Firefall Beta Impressions: Soaring Above Expectations
Open-world games of all stripes, from Grand Theft Auto to World of Warcraft, are plagued with one constant issue: restricting the player’s progression. You are forced into specific areas based on your level or progress through the story, and it feels artificial. This is an open world, after all; why can’t I open every door or cross every bridge I see?
Firefall, an upcoming MMO shooter from Red 5 Studios, does the right thing and completely ignores that. It is a game in the best open-world traditions (Crackdown, Just Cause 2) and is an absolute delight to play.
Firefall’s setting revolves around the “Melding”, a dimensional anomaly that is gradually converting Earth into a parallel world while populating it with awful alien monsters. You play a freelance operative working for ARES tasked with performing odd jobs, gathering resources, and fighting off invasions by the mutated humans known as the Chosen. There is an overall narrative here, but it’s more of a world narrative than a character one; don’t expect to see dramatic sacrifices or heartfelt stories. The only story that really matters in Firefall is your own.
The backdrop for this story, I might add, is stunning. The environment design is incredibly well-done, with terrain ranging from gently rolling hills to barren mountains to cluttered coastlines. Each biome is populated with colorful foliage and creeping monsters, and sometimes it’s great to sit and soak in all the work the developers did on making the area design just right. However, if you find yourself disliking or bored of your current location, you can always go to another for a drastic change of pace.

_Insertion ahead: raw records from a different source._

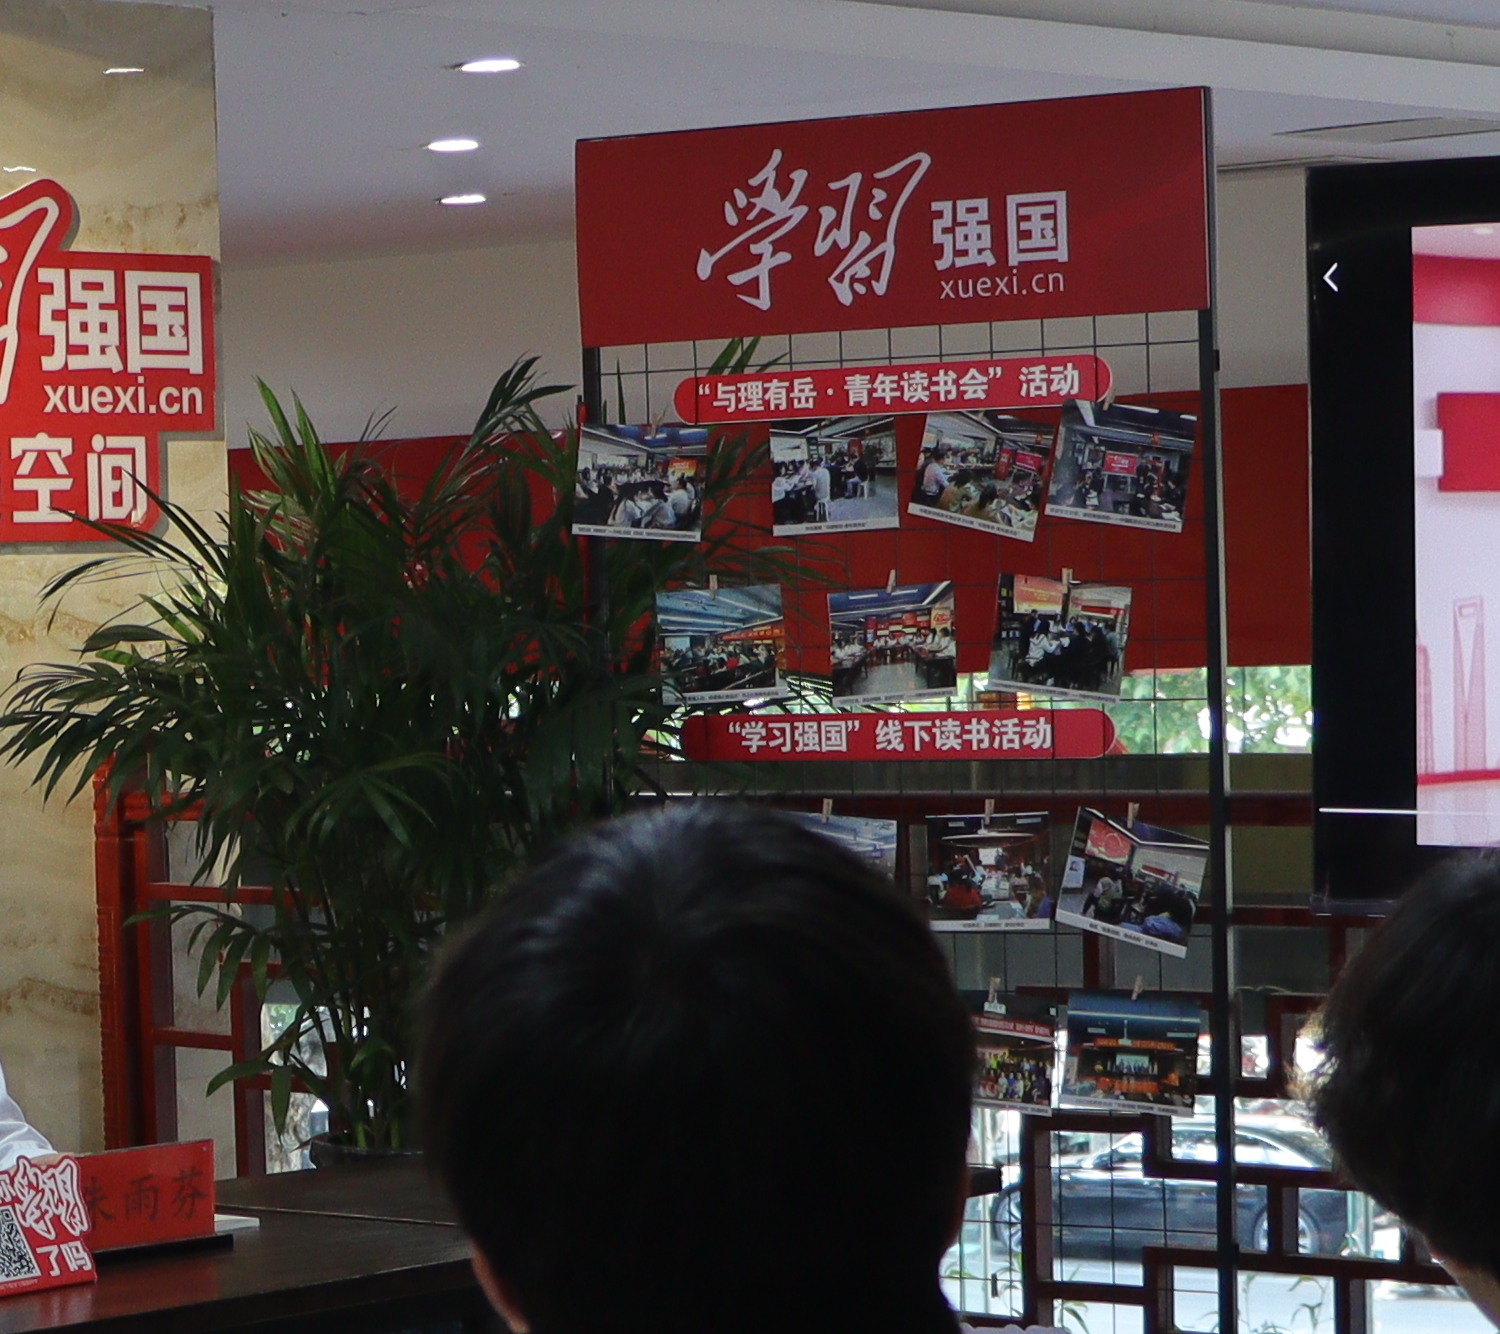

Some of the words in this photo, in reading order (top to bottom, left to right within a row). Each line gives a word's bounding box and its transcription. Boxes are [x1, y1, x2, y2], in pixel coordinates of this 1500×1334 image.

[939, 267, 1065, 300] xuexi.cn
[43, 376, 203, 415] xuexi.cn
[1018, 361, 1081, 400] 活动
[727, 720, 861, 753] “学习强国”
[875, 714, 1053, 753] 线下读书活动
[36, 1241, 93, 1277] 了吗

Cool zones can offset some issues with core mechanics, but if combat isn’t fun and engaging, then players won’t stick around long enough to experience your set pieces. So does Firefall avoid the pitfalls of the modern MMO shooter, or does it fall into the same mediocre trappings we’ve seen before?

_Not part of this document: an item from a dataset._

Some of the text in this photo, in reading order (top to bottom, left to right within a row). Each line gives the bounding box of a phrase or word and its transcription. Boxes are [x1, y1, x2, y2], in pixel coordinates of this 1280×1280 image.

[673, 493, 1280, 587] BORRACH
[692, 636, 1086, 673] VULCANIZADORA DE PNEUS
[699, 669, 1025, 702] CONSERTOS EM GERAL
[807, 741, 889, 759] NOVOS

Firefall’s combat is, in short, excellent. It’s not perfect, as concessions are made to the traditional MMO power progression, but it’s damned close.
All battleframes (classes) have access to two weapons – a primary class weapon with special abilities, and a generic secondary weapon that can be switched to a different type – and jumpjets for combat. Almost all combat revolves around flying around and blasting at enemies with your primary, with the occasional switch to your secondary as ammo or range limits dictate. It’s a simple, but gratifying, system. Each primary feels unique and effective, from the Sticky Launcher of the Engineer to the Plasma Cannon of the Assault, and most enemies fall in only a few hits. A sense of power pervades Firefall’s combat, and that’s what every player wants out of a twitch-based shooter. The chance to feel powerful.

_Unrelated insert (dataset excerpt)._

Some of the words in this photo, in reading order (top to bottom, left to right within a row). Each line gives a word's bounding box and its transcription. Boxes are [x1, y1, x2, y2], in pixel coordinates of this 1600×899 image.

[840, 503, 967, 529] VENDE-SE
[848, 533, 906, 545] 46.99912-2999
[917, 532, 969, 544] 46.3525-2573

In addition, Battleframes have six abilities at their disposal: five normal abilities (of which only three can be used in a loadout) and one “ultimate” that charges as the battleframe deals damage. Abilities can be quite handy in a pinch, but I’ve found that a majority of abilities are extremely situational. Only a few – such as the Assault’s Afterburners or the Dreadnaught’s Shield – are useful in every situation. Greater ability utility would be greatly appreciated, though, and a rework of existing abilities that aren’t that good would do wonders to help battleframe balance.
Thankfully, you aren’t restricted to a single battleframe, so any balance issues can simply be avoided by switching to a new frame. Rather than making classes a static trait determined at character creation, Red 5 opted to allow players to switch between classes at will, with advanced classes requiring unlocks. These advanced classes aren’t strictly better, though, so you can do just fine playing on the default five classes. If you want to skip all the hullabaloo of grinding for those advanced classes, you are welcome to pay money to unlock them early as well. Money only opens up the class to you, though; improving it is on you.